San Jose Det. Matthew Christian created a fake DNA report signed by a fictitious lab technician to use as a prop while interrogating a man under investigation for sex crimes against a developmentally disabled neighbor. Police are allowed to lie to suspects in an effort to extract information or confessions, so Christian hadn't violated any laws in actually creating the report.

The problem is that the fake report somehow made its way into Deputy District Attorney Jaime Stringfield's file, along with a real report stating that no DNA could be found on the blanket in question.  At a preliminary hearing, Stringfield then proceeded to question the Det. Christian about the fake report.  Christian obliged with false testimony.

"This blanket that you seized, did you submit it to the crime lab for analysis?" she asked.

"Yes," Christian said.

"Are you aware of any results?" she asked.

"Yes. There was semen found on the blanket," Christian said.

Superior Court Judge Gilbert T. Brown ordered Kerkeles to stand trial. Stringfield listed Roberts, the fake analyst, among her trial witnesses.

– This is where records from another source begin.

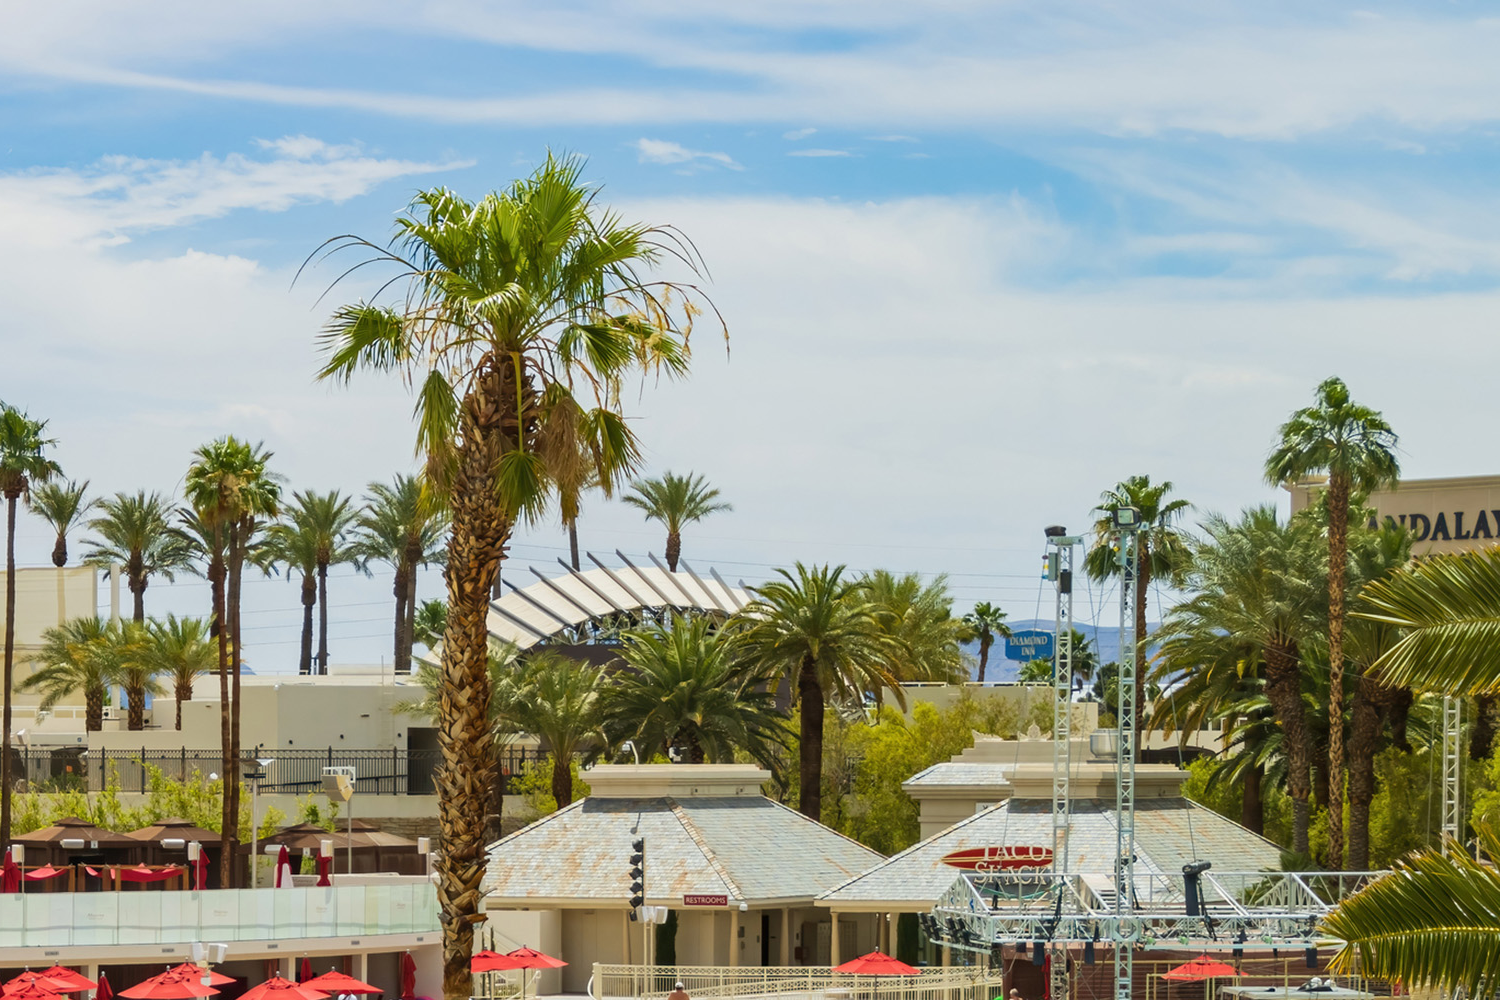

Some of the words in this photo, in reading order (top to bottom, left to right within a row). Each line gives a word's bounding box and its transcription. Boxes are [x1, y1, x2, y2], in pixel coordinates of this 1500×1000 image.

[1367, 510, 1500, 541] ANDALA
[1010, 636, 1048, 646] DIAMOND
[1021, 647, 1036, 656] INN
[981, 842, 1047, 862] TACO
[974, 861, 1048, 886] SHACK
[685, 896, 726, 904] RESTROOMS
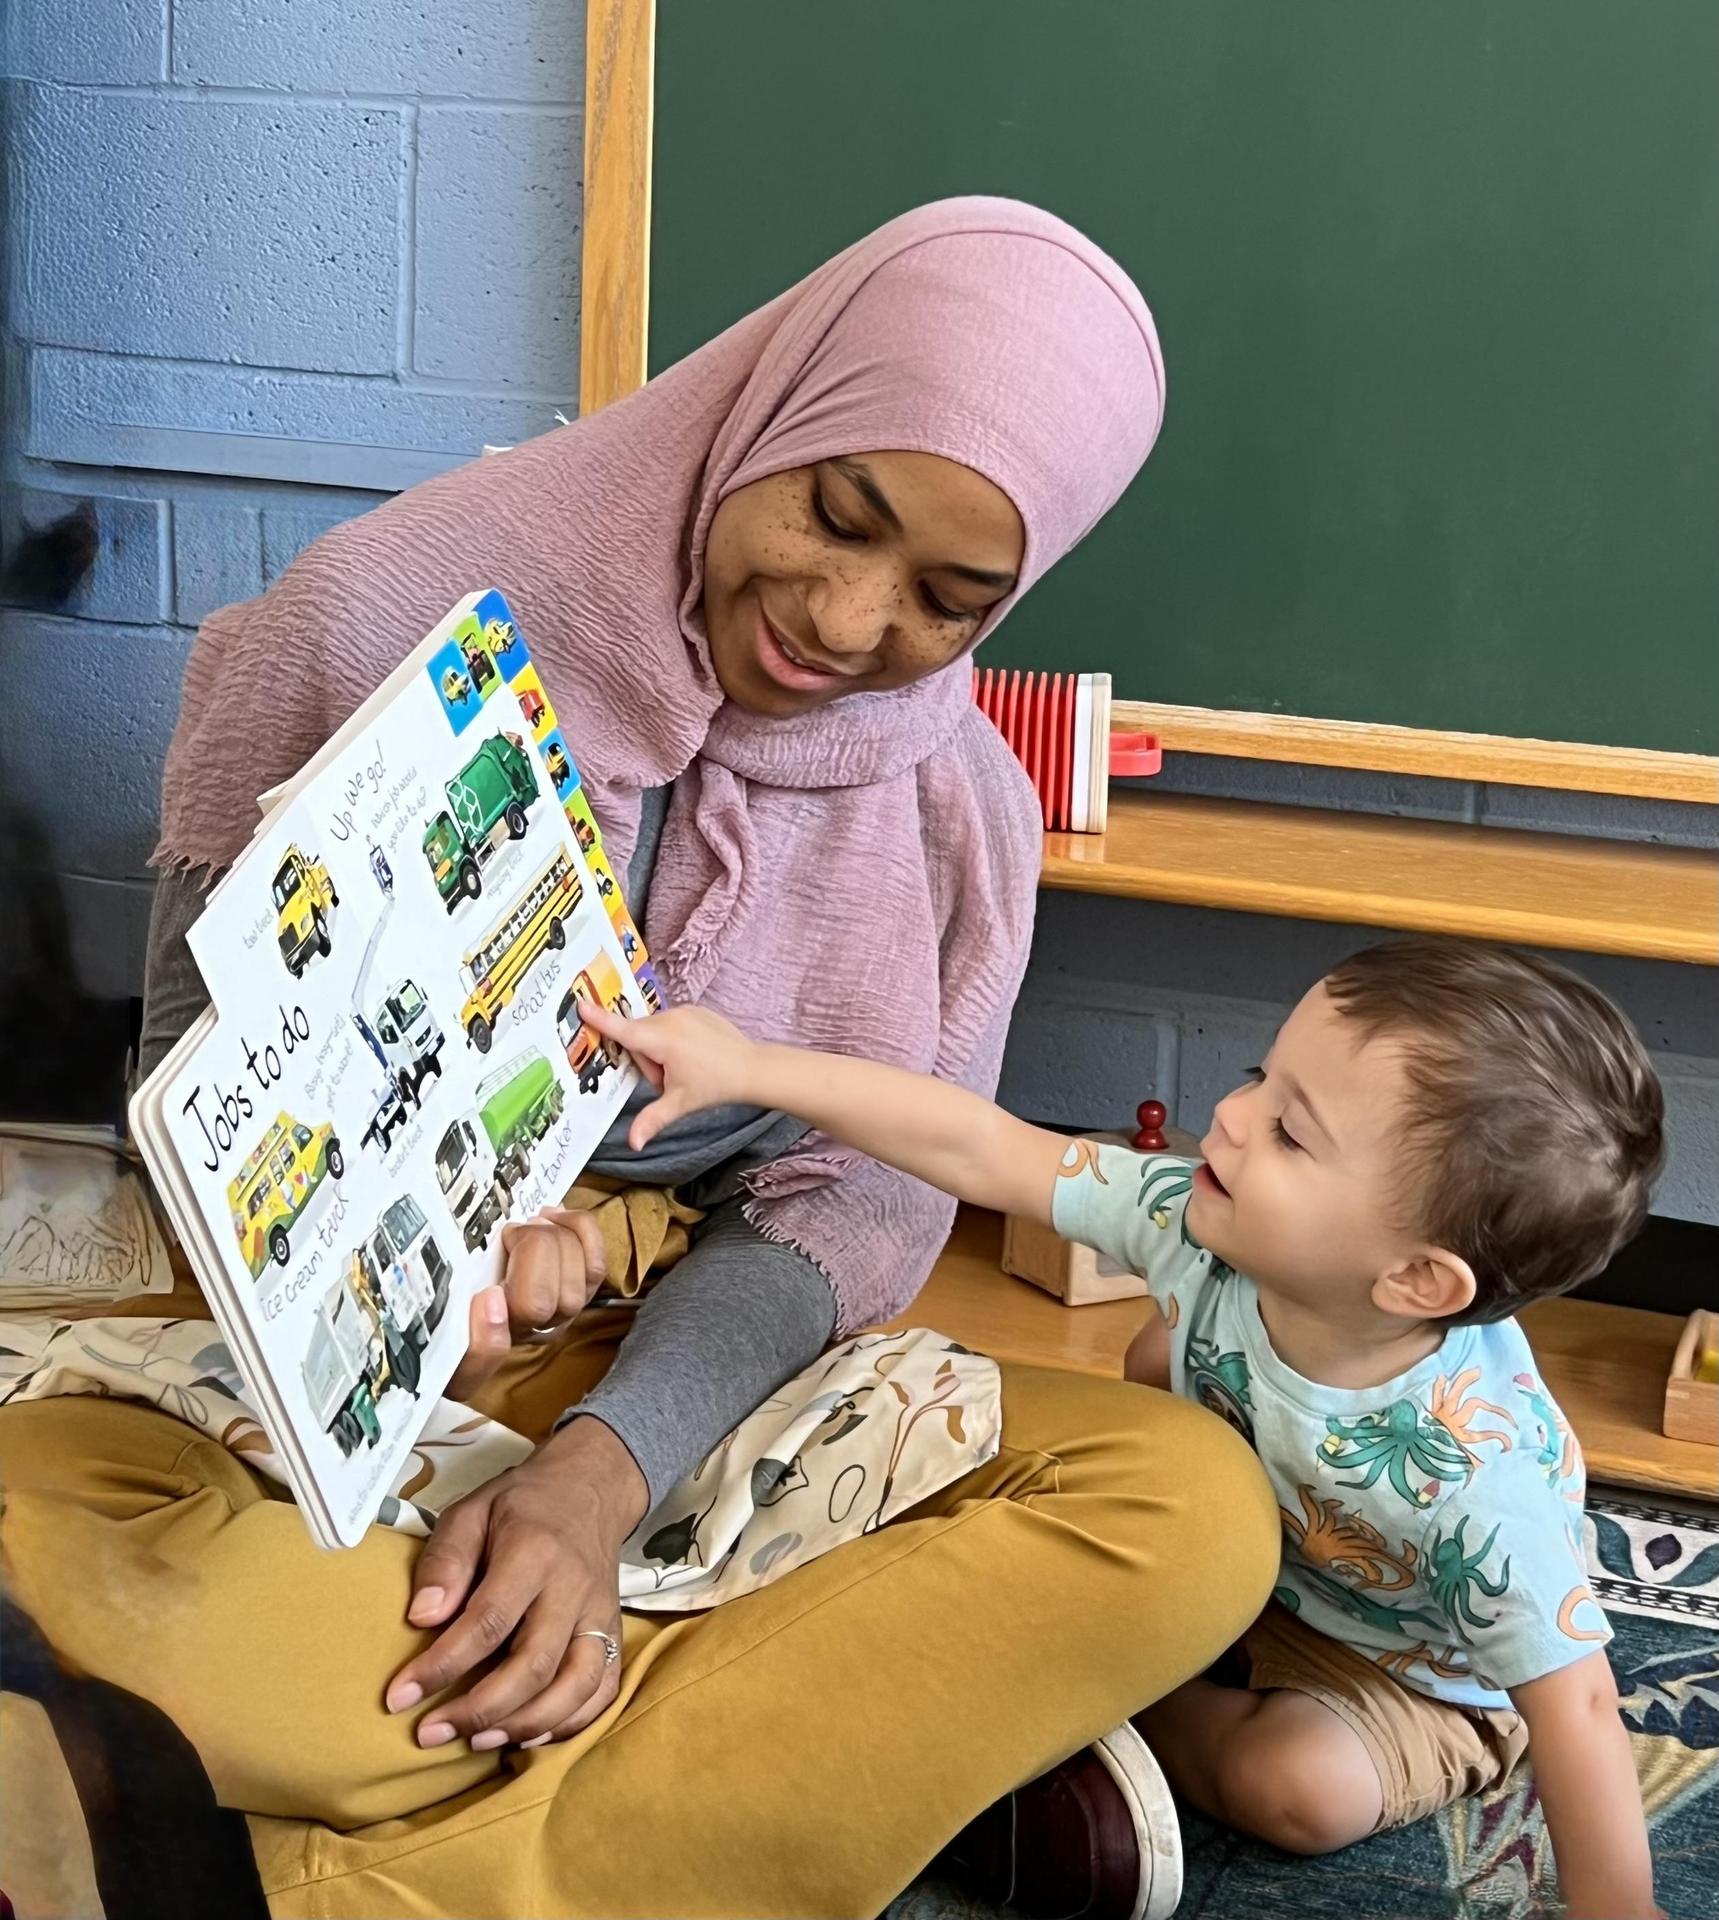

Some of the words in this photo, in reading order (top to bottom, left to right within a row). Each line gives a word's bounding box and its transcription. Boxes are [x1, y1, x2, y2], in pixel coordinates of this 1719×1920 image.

[329, 811, 358, 841] Up
[366, 739, 386, 794] go!
[182, 1082, 253, 1172] Jobs
[241, 1037, 282, 1090] to
[279, 1004, 310, 1054] do
[519, 1175, 548, 1218] fuel
[541, 1119, 572, 1185] tanker
[260, 1297, 284, 1322] ice
[285, 1250, 323, 1303] cream
[315, 1180, 349, 1248] truck

Stringfield blamed the defense attorney for not pointing out the discrepancy in the two reports.  But according to the article, defense attorneys twice asked for more information on the reports.  Stringfield declined their requests.  The defense finally made a third request, this time for the resume of the fictitious lab technician who signed the fake report, at which time Det. Christian remembered that he had made the whole thing up.

An "internal committee" of prosecutors later concluded that Christian's fake report, false testimony, and memory lapse, and Stringfield's failure to notice the fake report, failure to notice the real report, and failure to distinguish between the two—were all "honest mistakes."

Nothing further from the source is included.